┏━━

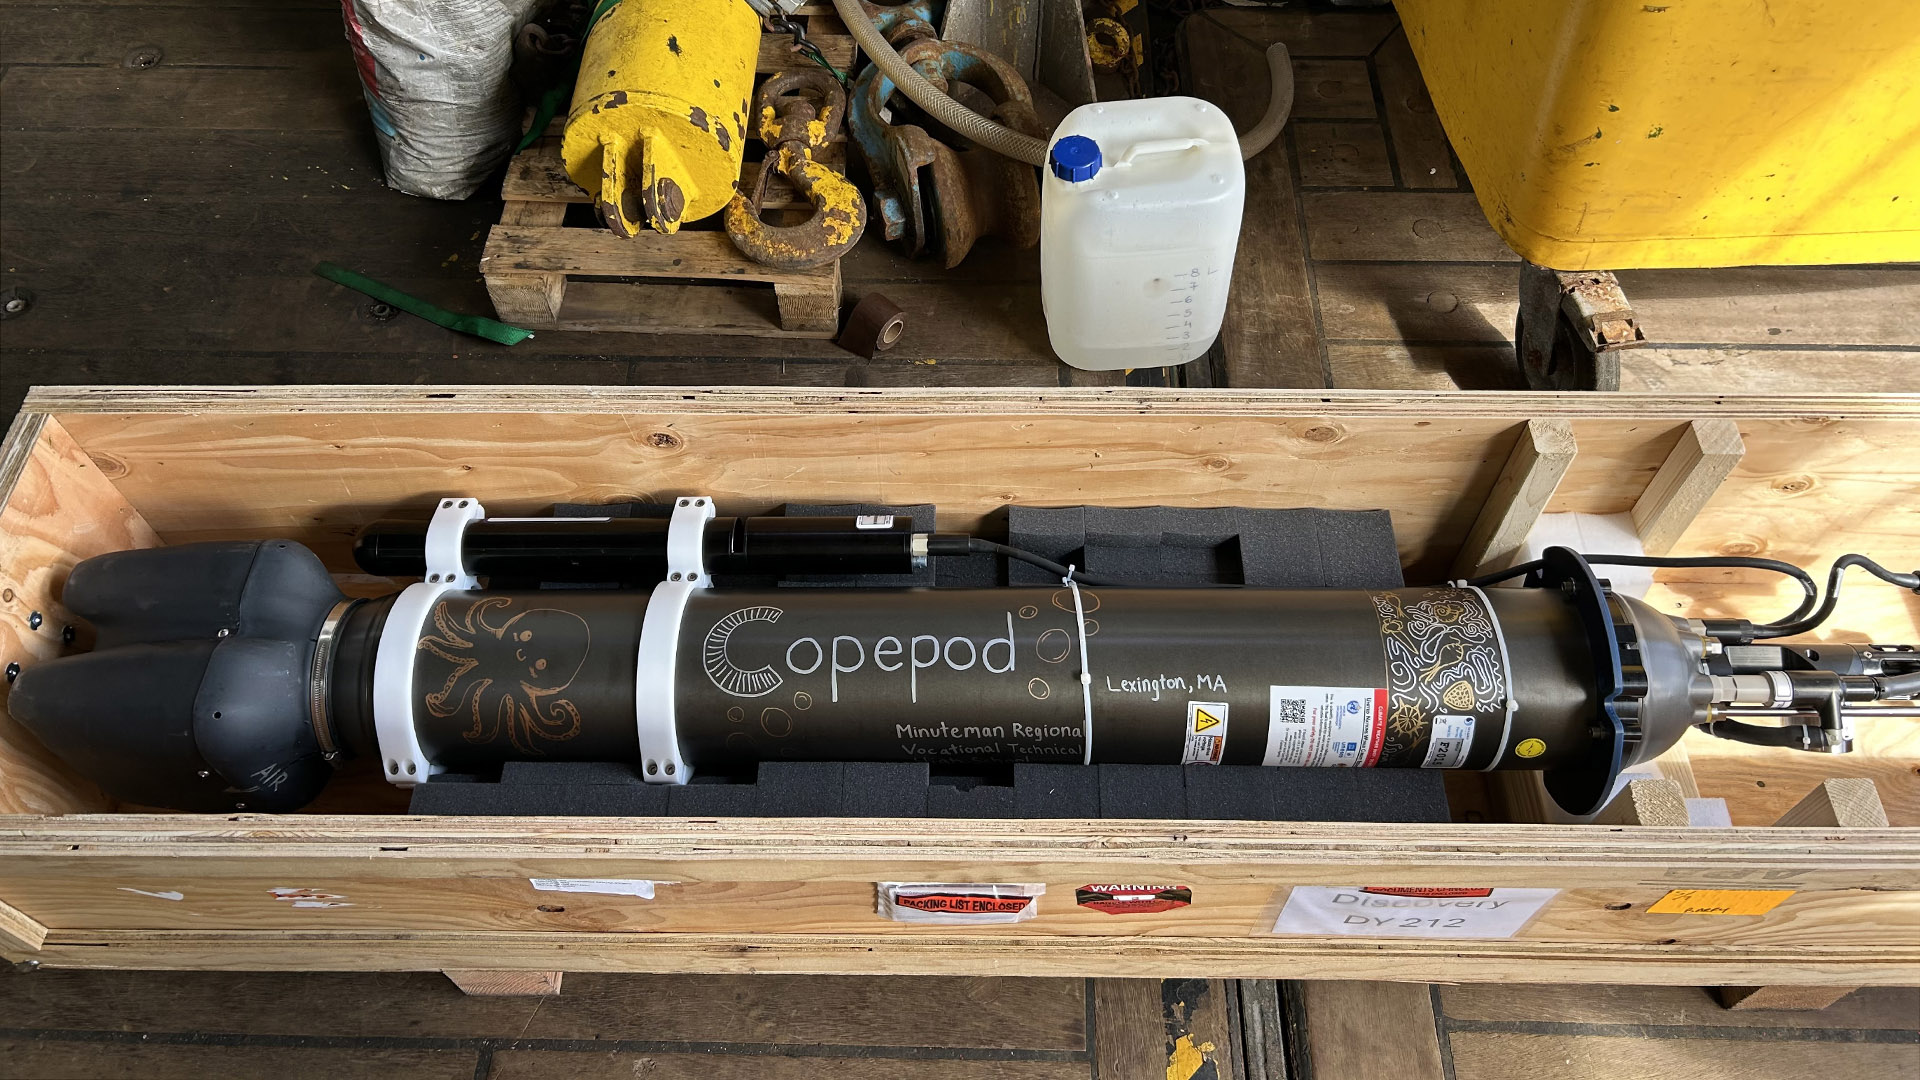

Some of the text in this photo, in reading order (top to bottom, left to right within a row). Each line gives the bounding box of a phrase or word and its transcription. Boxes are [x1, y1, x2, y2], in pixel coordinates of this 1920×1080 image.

[1190, 267, 1200, 278] 8
[1189, 281, 1200, 291] 7
[1184, 295, 1193, 304] 6
[1183, 308, 1193, 318] 5
[1183, 320, 1192, 329] 4
[1182, 331, 1191, 340] 3
[1182, 342, 1190, 351] 2
[703, 606, 1016, 703] Copepod
[1106, 673, 1228, 701] Lexington, MA
[1376, 705, 1384, 726] CLIMATE
[895, 719, 1086, 742] Minuteman Regional
[901, 742, 1083, 756] Vocational Technical
[250, 763, 289, 792] AIR
[903, 900, 1026, 912] PACKING LIST ENCLOSED
[1332, 893, 1511, 910] Discovery
[1343, 915, 1466, 928] DY 212

┗━━

_Instructions for the task_
The material above is to be repeated word for word, with no images kept.

_Reply to the exercise_
Some of the text in this photo, in reading order (top to bottom, left to right within a row). Each line gives the bounding box of a phrase or word and its transcription. Boxes are [x1, y1, x2, y2], in pixel coordinates of this 1920×1080 image.

[1190, 267, 1200, 278] 8
[1189, 281, 1200, 291] 7
[1184, 295, 1193, 304] 6
[1183, 308, 1193, 318] 5
[1183, 320, 1192, 329] 4
[1182, 331, 1191, 340] 3
[1182, 342, 1190, 351] 2
[703, 606, 1016, 703] Copepod
[1106, 673, 1228, 701] Lexington, MA
[1376, 705, 1384, 726] CLIMATE
[895, 719, 1086, 742] Minuteman Regional
[901, 742, 1083, 756] Vocational Technical
[250, 763, 289, 792] AIR
[903, 900, 1026, 912] PACKING LIST ENCLOSED
[1332, 893, 1511, 910] Discovery
[1343, 915, 1466, 928] DY 212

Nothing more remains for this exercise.